Many local officials also fear they could be effectively punished for their early efficiency, as state governments divert future doses to help other counties catch up.
A new batch of data released on Jan. 25 from Wisconsin showed Menominee’s per-capita vaccination rate had fallen from third to 29th in the state, with Slagle saying they had received just 10 doses in the prior week.
In Jim Hogg County, Guerra has urged the Texas Department of State Health Services (DSHS) to keep vaccines flowing to the deeply impoverished county, saying it “remains at a disadvantage” in healthcare access – a factor that can contribute to higher COVID-19 death rates.

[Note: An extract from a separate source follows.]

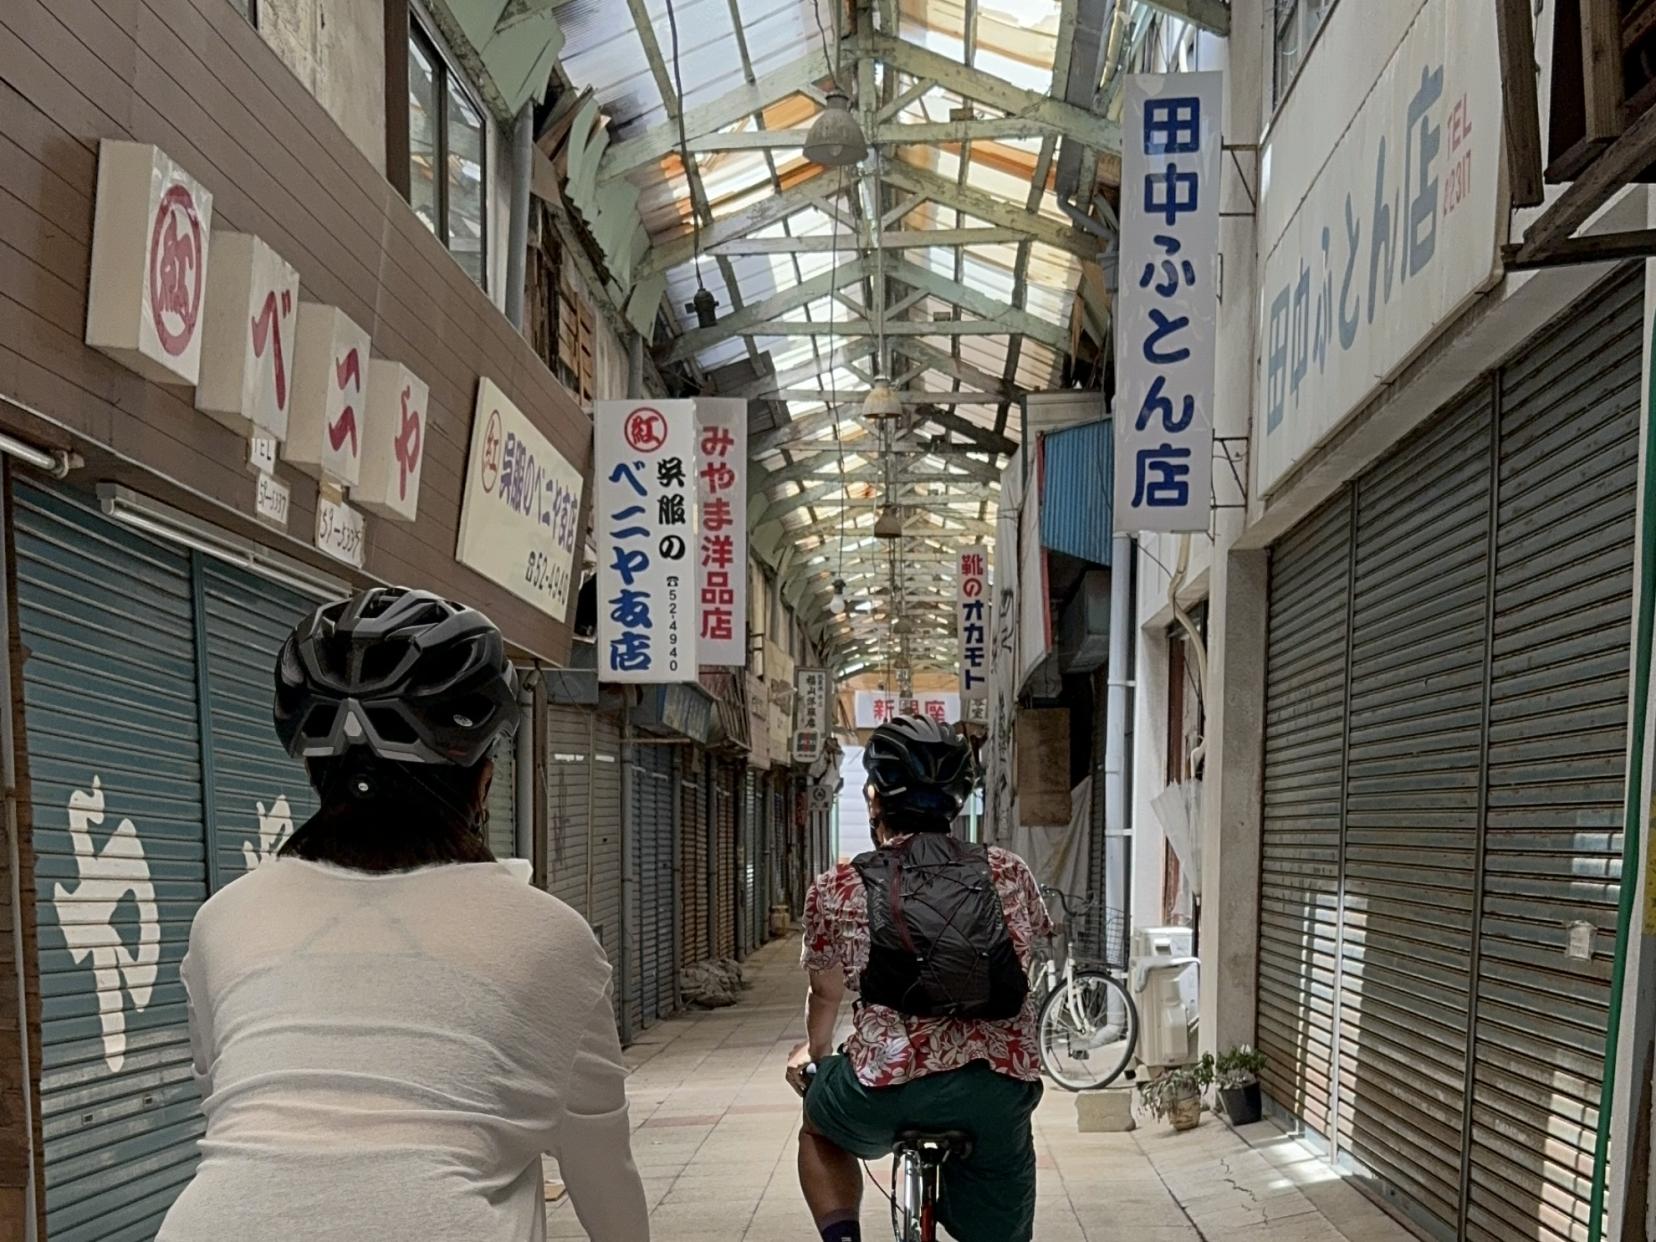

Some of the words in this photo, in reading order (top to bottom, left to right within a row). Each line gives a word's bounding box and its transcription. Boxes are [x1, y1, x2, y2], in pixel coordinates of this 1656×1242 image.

Dr. Emilie Prot, the DSHS official in charge of the region, said vaccination rate is one of many factors determining allocation. “We want to make sure we’re equitable, and we can’t go back to the same places week to week.”
Some counties with strong vaccination efforts are getting more business than they bargained for.
Rural Davie County, which for many weeks led North Carolina in vaccination rate, has attracted vaccine-seekers from other parts of the state, said Wendy Horne, a spokeswoman for the local health department.
Davie residents Sue and Dave Sidden, a retired couple who recently received their second vaccine doses, attribute their county’s success to its tight-knit nature.
“There’s just no secret in a small community,” Sue said. “News travels fast here.”